Isolation of tests in Symfony2

For achieving good tests in your project, you will need to have a correct isolation of them. When a test executes, it should leave the application in the same state as when he entered it.

In Symfony2, the most common-case is the database isolation : when we are testing, we expect from our application to isolate the test with a transaction and to rollback it at the end.

Functional tests in Symfony2

In Symfony2, functional testing is achieved with the test client. The test client is responsible of requesting the kernel, and fetching a response from a request.

The test client allows to easily request the kernel and crawl the response.

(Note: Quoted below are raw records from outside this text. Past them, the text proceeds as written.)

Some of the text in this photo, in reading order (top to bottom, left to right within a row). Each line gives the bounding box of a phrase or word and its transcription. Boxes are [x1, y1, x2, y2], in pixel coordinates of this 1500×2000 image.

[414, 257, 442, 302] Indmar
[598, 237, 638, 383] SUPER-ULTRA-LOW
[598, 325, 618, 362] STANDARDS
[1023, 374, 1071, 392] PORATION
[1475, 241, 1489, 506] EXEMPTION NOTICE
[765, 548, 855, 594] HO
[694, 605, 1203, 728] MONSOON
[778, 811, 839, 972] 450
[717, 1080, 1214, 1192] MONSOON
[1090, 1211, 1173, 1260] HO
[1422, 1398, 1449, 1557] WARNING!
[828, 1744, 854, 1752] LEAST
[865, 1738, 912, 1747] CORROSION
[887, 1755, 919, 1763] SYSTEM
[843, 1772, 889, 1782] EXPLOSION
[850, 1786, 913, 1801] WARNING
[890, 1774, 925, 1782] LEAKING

For example, we can achieve:

<?php
class MyTest extends PHPUnit_Framework_TestCase
{
   public function testSomething()
   {
       $client = $this->createClient();
       $crawler = $client->request('GET', '/test');

       $this->assertEquals(200, $client->getResponse()->getStatusCode());
       $this->assertEquals('Hello', $crawler->filter('h1')->text());
   }
}

The test client handles requests to the kernel and returns crawler, for easing navigation through the returned response.

In Symfony2, the test client is a service of the container. Its service name is test.client.

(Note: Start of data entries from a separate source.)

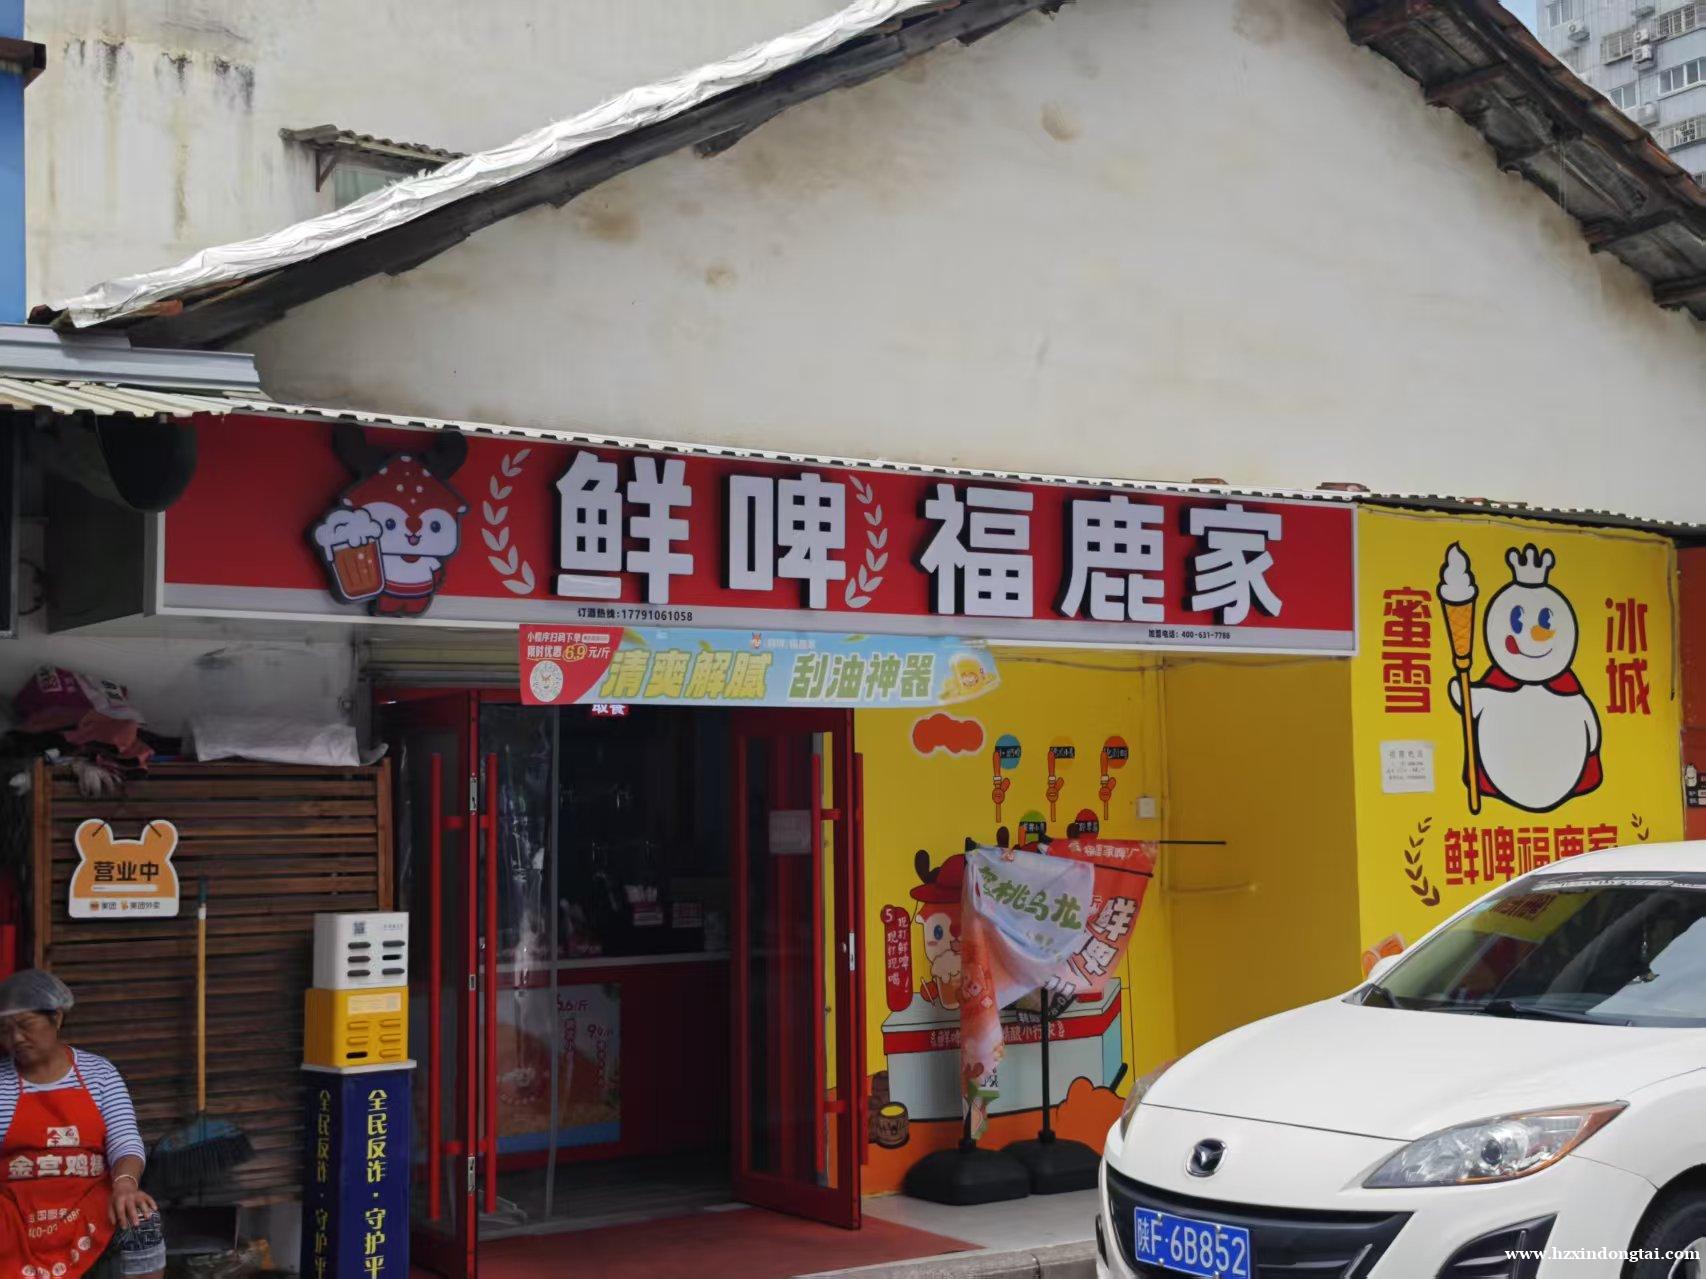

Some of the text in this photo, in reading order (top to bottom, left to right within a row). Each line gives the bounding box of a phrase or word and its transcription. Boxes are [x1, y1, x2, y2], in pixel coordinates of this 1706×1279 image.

[556, 451, 1282, 625] 鲜啤 福鹿家
[789, 651, 935, 700] 刮油神器
[1382, 587, 1432, 714] 蜜雪
[1605, 598, 1651, 716] 冰城
[93, 861, 159, 882] 营业中
[130, 901, 161, 910] 美团外卖

It is possible to override your test client in your container, to add some custom methods and behaviors, as we will see in the following chapters.

Basic overriding of test client

To simply override the Test client, redefine in your configuration :

<parameters>
   <parameter name="test.client.class">Alom\Website\MainBundle\Test\Client</parameter>
</parameters>

Then, just redefine the test client class, like this :

<?php
namespace Alom\Website\MainBundle\Test;
use Symfony\Bundle\FrameworkBundle\Client as BaseClient;

class Client extends BaseClient
{
}

This way, we can override the test client with our custom methods. For example, we can create a connect method to automatically connect the user to the website.

// ...
   public function connect($username, $password)
   {
       $crawler = $this->request('GET', '/login');
       // ....
   }

With this method, you can create anything that you need for easing tests of your application.

Isolation of Doctrine

Each time you make a request, Symfony2 creates a new container for it. This means that the Doctrine objects (for DBAL and ORM) are different for each request.

And here is the problem : we have a different connection for each request, so it's not possible to have the same connection for every request of the client.

The solution is to pass the service through different requests, and isolate them in a transaction.

To achieve this, we override the doRequest method of the test client, which is responsible of passing requests to the kernel.

// ...
   static protected $connection;
   protected $requested;

   protected function doRequest($request)
   {
       if ($this->requested) {
           $this->kernel->shutdown();
           $this->kernel->boot();
       }

       $this->injectConnection();
       $this->requested = true;

       return $this->kernel->handle($request);
   }

   protected function injectConnection()
   {
       if (null === self::$connection) {
           self::$connection = $this->getContainer()->get('doctrine.dbal.default_connection');
       } else {
           if (! $this->requested) {
               self::$connection->rollback();
           }
           $this->getContainer()->set('doctrine.dbal.default_connection', self::$connection);
       }

       if (! $this->requested) {
           self::$connection->beginTransaction();
       }
   }

Isn't it integrated in Symfony2?

The answer is no. This code, here is quite simple, 20 lines for achieving what we want, in our project. Integrating it in Symfony2 would mean 100-200 lines for :

  • Disabling it when Doctrine is not bundled
  • Add a support of multiple connections
  • Override the test client when the Doctrine bundle is activated
  • Add some options for edge-cases : no isolation needed, ODM, etc.

There is also the question of isolation for other services of your application : SolR engine, Web Services, and so on.

The better place for it (in my humble opinion) is in your project. Because even if it's a common case, the implementation is not trivial.